SUPPLIED DATA
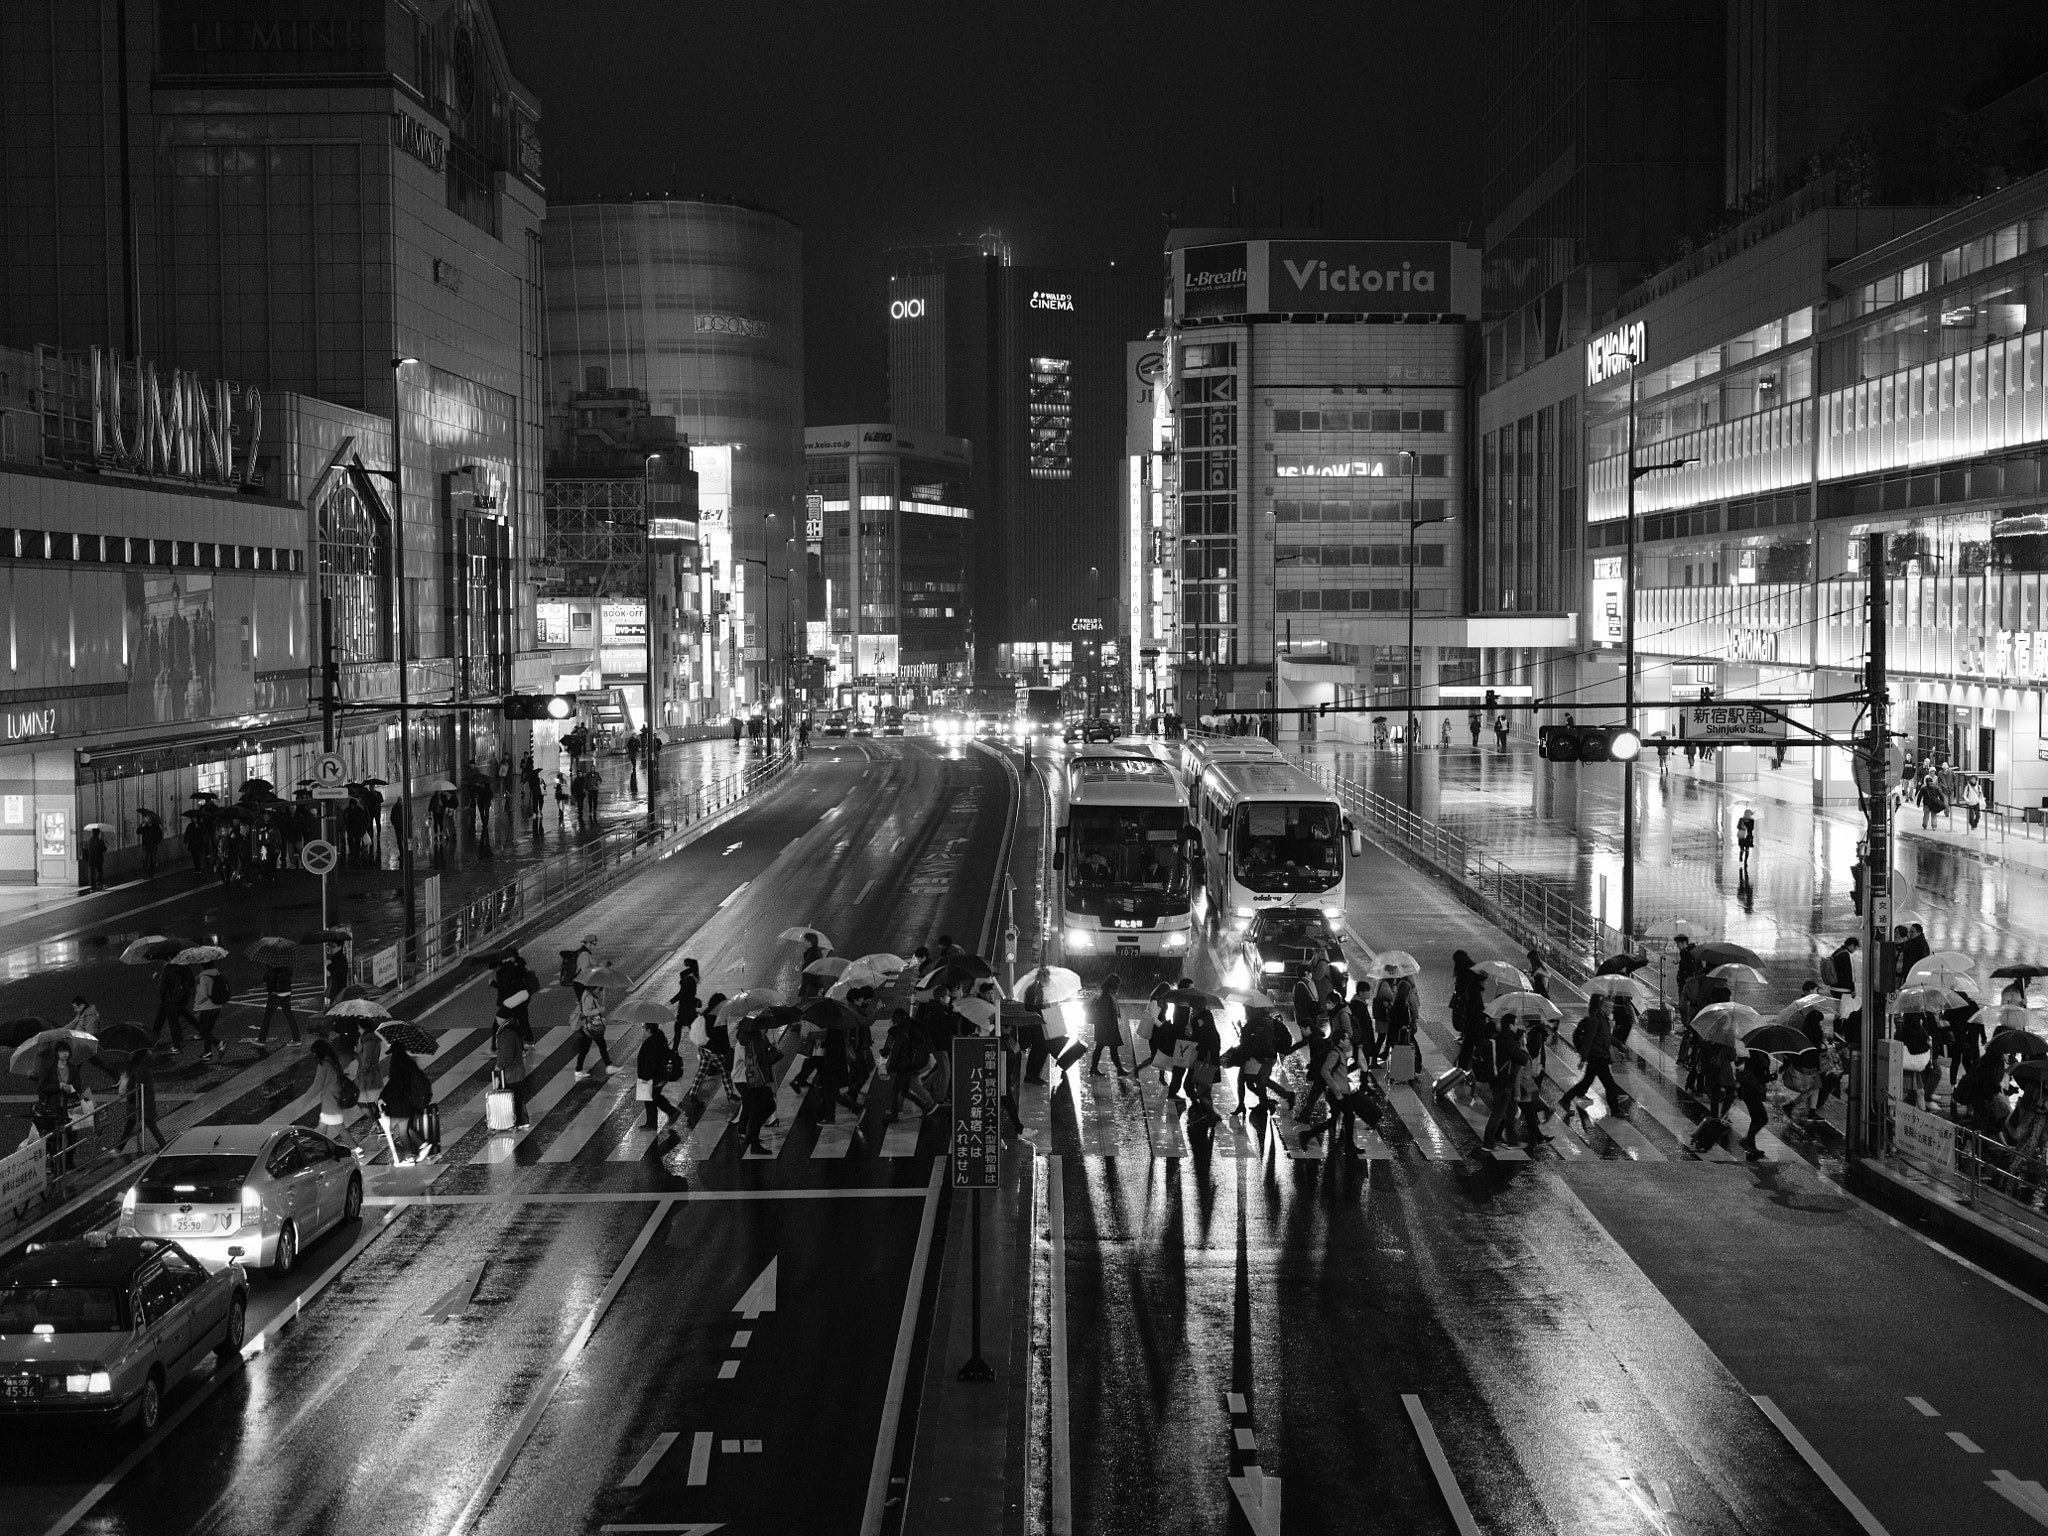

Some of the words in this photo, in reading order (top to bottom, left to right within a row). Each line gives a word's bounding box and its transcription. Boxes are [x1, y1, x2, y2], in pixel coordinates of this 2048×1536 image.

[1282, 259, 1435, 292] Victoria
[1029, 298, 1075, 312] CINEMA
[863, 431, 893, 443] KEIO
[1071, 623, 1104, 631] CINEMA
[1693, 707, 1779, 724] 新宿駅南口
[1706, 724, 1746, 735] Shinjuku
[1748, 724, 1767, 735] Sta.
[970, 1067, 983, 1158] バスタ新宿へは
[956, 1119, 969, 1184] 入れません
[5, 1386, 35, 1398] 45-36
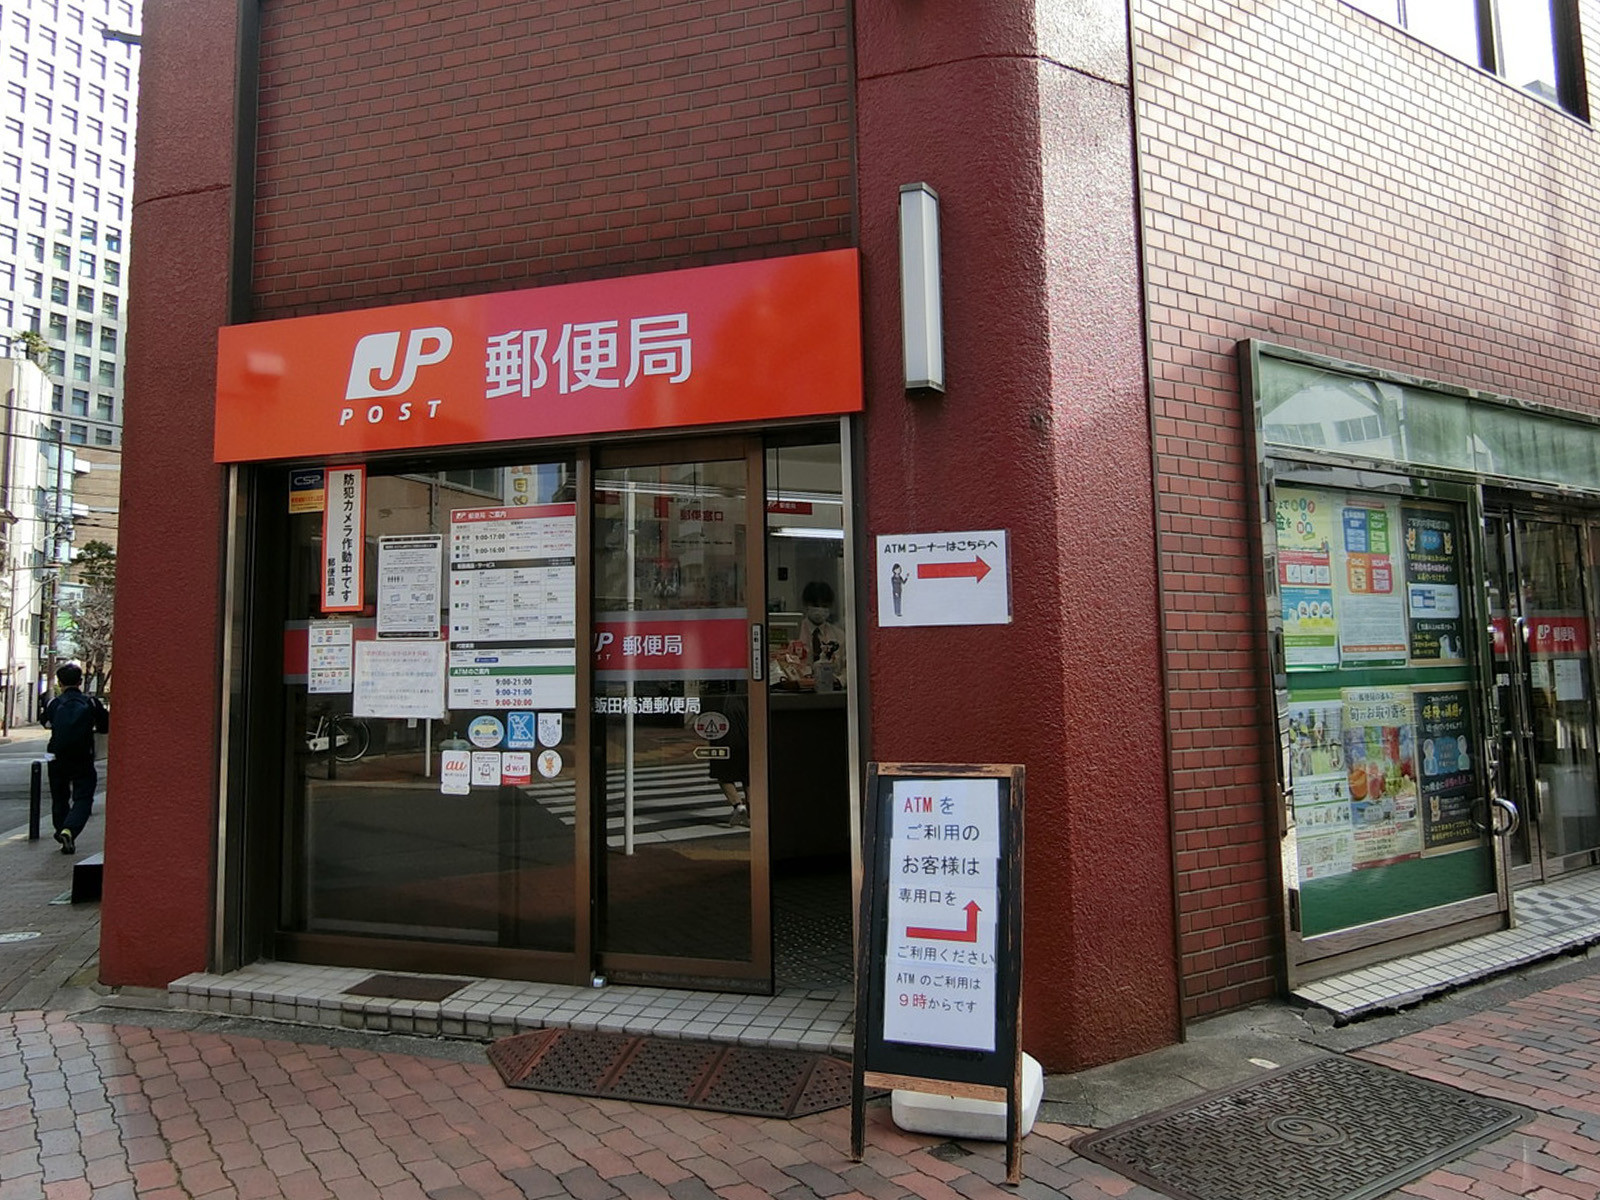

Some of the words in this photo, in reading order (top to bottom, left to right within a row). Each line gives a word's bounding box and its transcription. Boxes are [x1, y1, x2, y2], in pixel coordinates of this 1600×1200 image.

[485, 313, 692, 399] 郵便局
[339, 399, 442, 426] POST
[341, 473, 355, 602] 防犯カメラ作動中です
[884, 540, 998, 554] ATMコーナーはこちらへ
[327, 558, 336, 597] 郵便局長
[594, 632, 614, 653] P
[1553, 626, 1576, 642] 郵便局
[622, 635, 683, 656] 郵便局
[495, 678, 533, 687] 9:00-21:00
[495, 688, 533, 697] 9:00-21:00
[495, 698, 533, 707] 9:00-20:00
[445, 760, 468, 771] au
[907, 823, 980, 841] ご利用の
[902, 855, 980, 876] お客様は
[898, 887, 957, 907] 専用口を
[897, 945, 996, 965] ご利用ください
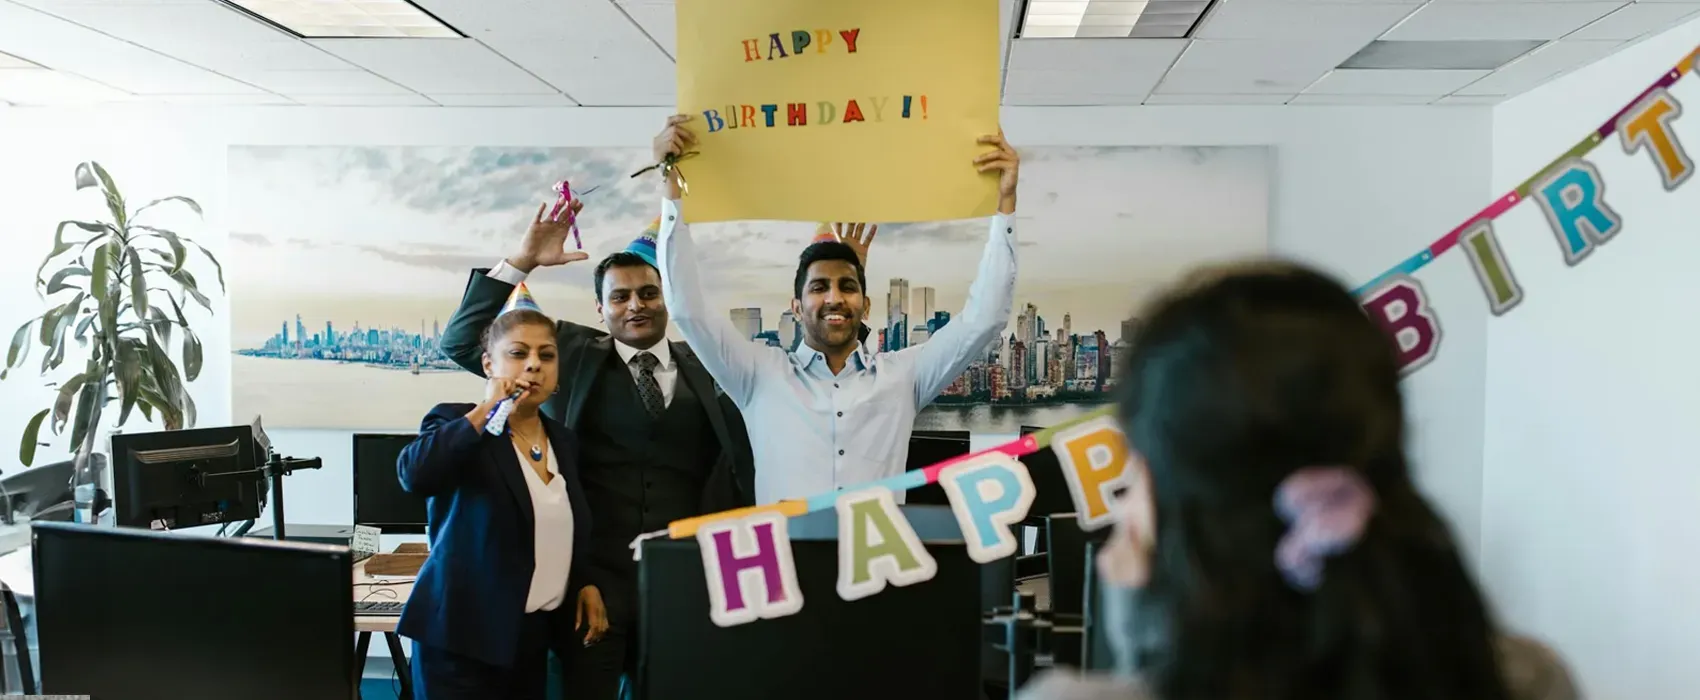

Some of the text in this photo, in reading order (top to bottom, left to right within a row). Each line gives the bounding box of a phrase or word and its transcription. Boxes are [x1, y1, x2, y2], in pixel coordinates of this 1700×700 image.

EXERCISE GOAL
Everything from the line with "this 1600×1200 image." through the final line of the records above should be written out exactly, minus the pictures.

RESPONSE FOR THIS EXERCISE
Some of the words in this photo, in reading order (top to bottom, left to right within a row). Each line gives a word's bounding box and its transcription. Boxes are [x1, y1, x2, y2], in pixel coordinates of this 1600×1200 image.

[485, 313, 692, 399] 郵便局
[339, 399, 442, 426] POST
[341, 473, 355, 602] 防犯カメラ作動中です
[884, 540, 998, 554] ATMコーナーはこちらへ
[327, 558, 336, 597] 郵便局長
[594, 632, 614, 653] P
[1553, 626, 1576, 642] 郵便局
[622, 635, 683, 656] 郵便局
[495, 678, 533, 687] 9:00-21:00
[495, 688, 533, 697] 9:00-21:00
[495, 698, 533, 707] 9:00-20:00
[445, 760, 468, 771] au
[907, 823, 980, 841] ご利用の
[902, 855, 980, 876] お客様は
[898, 887, 957, 907] 専用口を
[897, 945, 996, 965] ご利用ください

Some of the text in this photo, in reading order (top to bottom, left to right within a row). Each line gives the bounding box of a phrase or word and its transcription. Boxes are [x1, y1, x2, y2], in pixel coordinates of this 1700×700 image.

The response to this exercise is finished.